**Work request:**
Below is a listing; print exactly its lines from the one containing "this 1280×960 image." down to the one containing "this 1224×1632 image.", both inclusive, with every picture left out.

**Listed entries:**
* * *
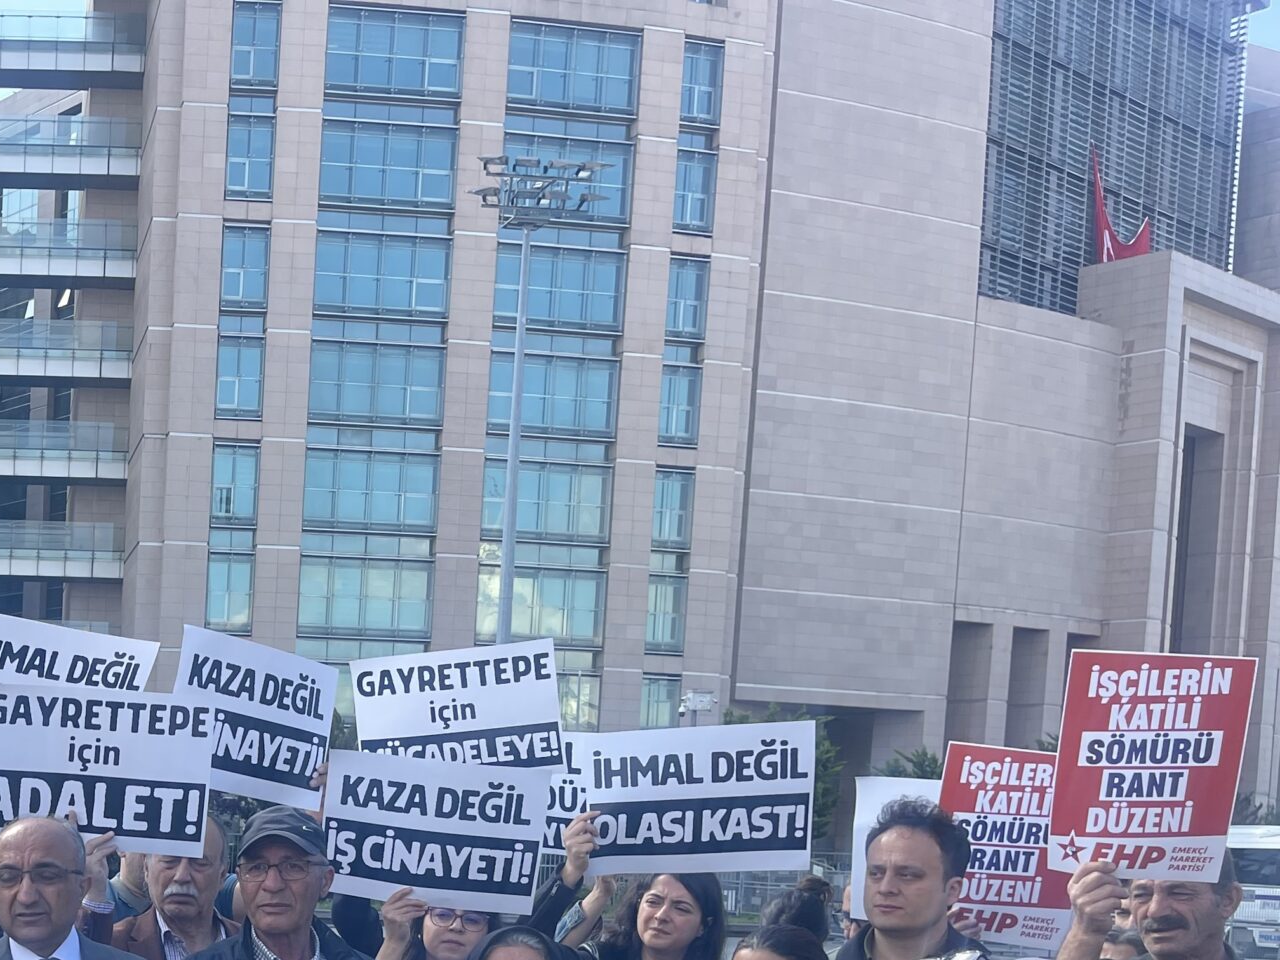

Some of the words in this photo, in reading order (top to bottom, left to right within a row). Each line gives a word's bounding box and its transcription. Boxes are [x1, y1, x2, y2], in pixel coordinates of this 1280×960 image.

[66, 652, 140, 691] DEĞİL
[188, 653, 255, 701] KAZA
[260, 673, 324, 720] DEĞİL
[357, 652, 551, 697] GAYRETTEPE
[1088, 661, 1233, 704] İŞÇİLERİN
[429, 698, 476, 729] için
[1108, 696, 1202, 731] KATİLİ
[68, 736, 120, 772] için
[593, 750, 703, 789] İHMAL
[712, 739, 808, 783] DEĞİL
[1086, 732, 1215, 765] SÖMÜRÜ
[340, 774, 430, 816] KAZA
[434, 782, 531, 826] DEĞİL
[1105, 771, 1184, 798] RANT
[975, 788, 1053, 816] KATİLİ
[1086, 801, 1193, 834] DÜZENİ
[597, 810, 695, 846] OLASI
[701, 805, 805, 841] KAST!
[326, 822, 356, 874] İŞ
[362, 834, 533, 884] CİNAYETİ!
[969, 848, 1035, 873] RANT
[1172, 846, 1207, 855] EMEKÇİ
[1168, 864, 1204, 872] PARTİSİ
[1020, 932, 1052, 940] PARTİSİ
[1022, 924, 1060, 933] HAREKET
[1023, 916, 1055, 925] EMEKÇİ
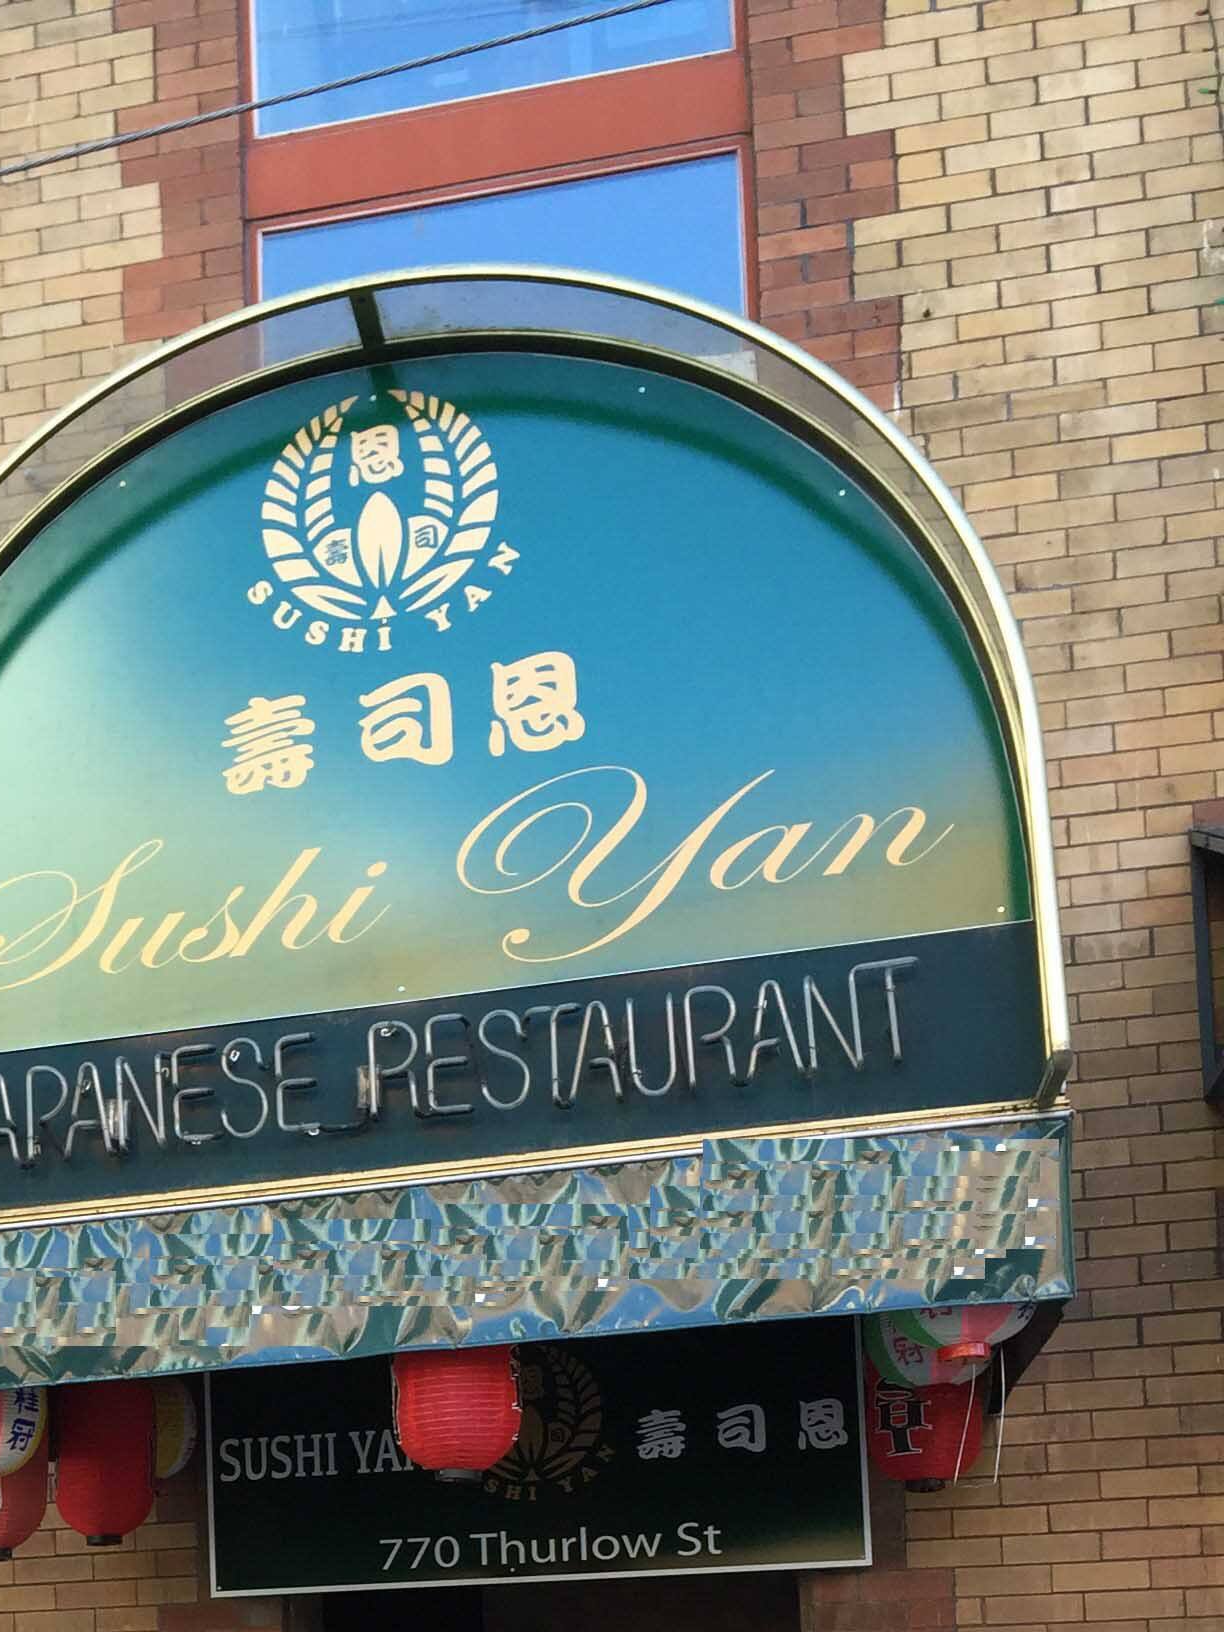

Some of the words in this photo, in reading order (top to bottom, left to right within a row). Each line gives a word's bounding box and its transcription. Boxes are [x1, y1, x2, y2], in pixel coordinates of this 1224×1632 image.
* * *
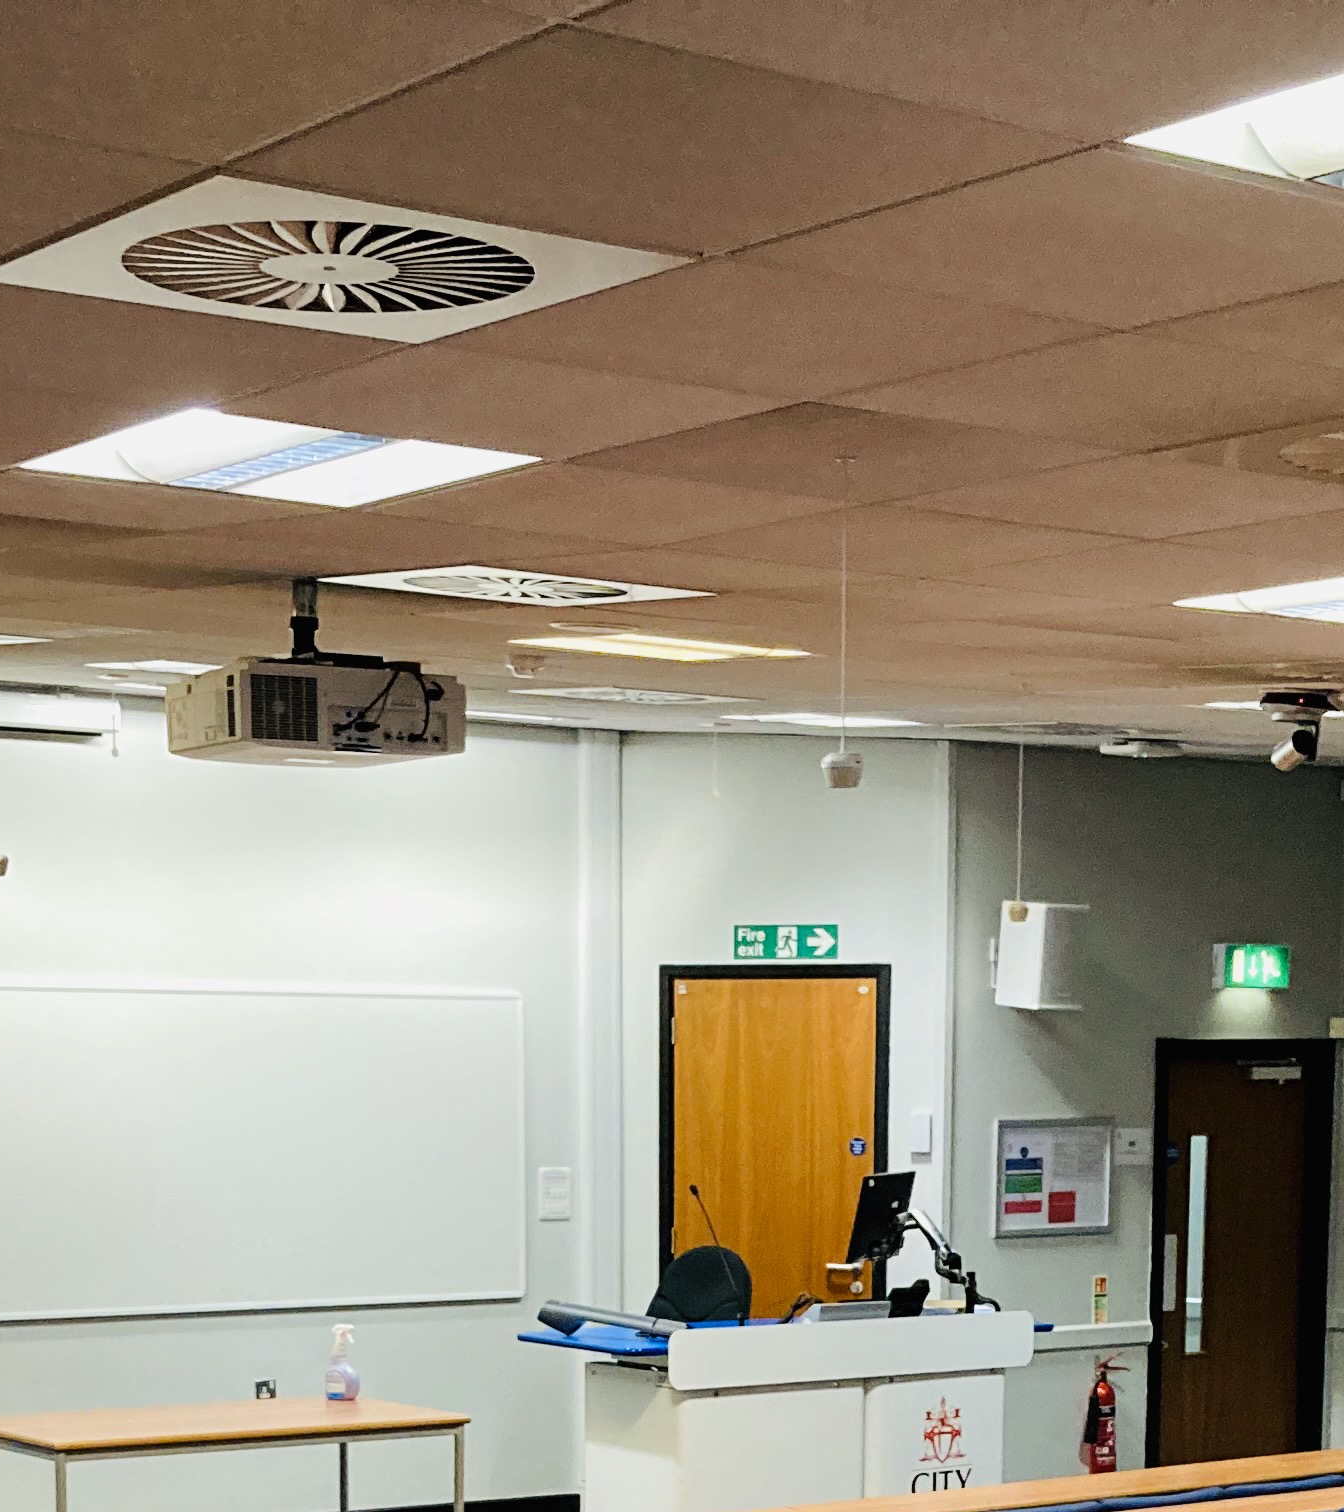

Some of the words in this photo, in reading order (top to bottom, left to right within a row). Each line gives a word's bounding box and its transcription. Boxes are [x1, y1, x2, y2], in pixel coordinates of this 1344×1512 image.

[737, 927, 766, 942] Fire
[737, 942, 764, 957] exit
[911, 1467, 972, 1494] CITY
* * *
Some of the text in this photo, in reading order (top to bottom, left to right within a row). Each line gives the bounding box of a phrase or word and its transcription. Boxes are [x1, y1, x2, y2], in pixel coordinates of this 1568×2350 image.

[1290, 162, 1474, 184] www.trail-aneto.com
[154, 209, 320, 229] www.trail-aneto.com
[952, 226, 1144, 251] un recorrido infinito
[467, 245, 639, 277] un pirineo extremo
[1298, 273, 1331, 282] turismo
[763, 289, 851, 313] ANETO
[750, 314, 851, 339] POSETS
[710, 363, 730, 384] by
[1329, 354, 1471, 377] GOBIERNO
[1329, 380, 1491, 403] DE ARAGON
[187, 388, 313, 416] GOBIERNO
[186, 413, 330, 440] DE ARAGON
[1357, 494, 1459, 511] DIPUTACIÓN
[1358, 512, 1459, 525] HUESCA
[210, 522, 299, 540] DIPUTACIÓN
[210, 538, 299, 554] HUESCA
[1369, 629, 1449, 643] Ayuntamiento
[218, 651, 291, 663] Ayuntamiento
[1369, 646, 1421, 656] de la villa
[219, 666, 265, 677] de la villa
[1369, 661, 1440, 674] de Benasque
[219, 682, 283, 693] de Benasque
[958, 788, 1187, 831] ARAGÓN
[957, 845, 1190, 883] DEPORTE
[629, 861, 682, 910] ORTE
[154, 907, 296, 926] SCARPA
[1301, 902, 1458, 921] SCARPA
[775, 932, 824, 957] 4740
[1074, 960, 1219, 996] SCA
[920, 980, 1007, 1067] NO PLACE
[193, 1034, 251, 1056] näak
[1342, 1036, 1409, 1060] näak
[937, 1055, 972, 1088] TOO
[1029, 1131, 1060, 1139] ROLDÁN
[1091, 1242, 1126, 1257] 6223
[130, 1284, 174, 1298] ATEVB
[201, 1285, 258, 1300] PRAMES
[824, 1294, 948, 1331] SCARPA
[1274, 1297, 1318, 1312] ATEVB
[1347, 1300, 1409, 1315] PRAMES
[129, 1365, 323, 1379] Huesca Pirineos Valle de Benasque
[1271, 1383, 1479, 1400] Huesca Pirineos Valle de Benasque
* * *
**Response to the task:**
Some of the words in this photo, in reading order (top to bottom, left to right within a row). Each line gives a word's bounding box and its transcription. Boxes are [x1, y1, x2, y2], in pixel coordinates of this 1280×960 image.

[66, 652, 140, 691] DEĞİL
[188, 653, 255, 701] KAZA
[260, 673, 324, 720] DEĞİL
[357, 652, 551, 697] GAYRETTEPE
[1088, 661, 1233, 704] İŞÇİLERİN
[429, 698, 476, 729] için
[1108, 696, 1202, 731] KATİLİ
[68, 736, 120, 772] için
[593, 750, 703, 789] İHMAL
[712, 739, 808, 783] DEĞİL
[1086, 732, 1215, 765] SÖMÜRÜ
[340, 774, 430, 816] KAZA
[434, 782, 531, 826] DEĞİL
[1105, 771, 1184, 798] RANT
[975, 788, 1053, 816] KATİLİ
[1086, 801, 1193, 834] DÜZENİ
[597, 810, 695, 846] OLASI
[701, 805, 805, 841] KAST!
[326, 822, 356, 874] İŞ
[362, 834, 533, 884] CİNAYETİ!
[969, 848, 1035, 873] RANT
[1172, 846, 1207, 855] EMEKÇİ
[1168, 864, 1204, 872] PARTİSİ
[1020, 932, 1052, 940] PARTİSİ
[1022, 924, 1060, 933] HAREKET
[1023, 916, 1055, 925] EMEKÇİ

Some of the words in this photo, in reading order (top to bottom, left to right within a row). Each line gives a word's bounding box and its transcription. Boxes are [x1, y1, x2, y2], in pixel coordinates of this 1224×1632 image.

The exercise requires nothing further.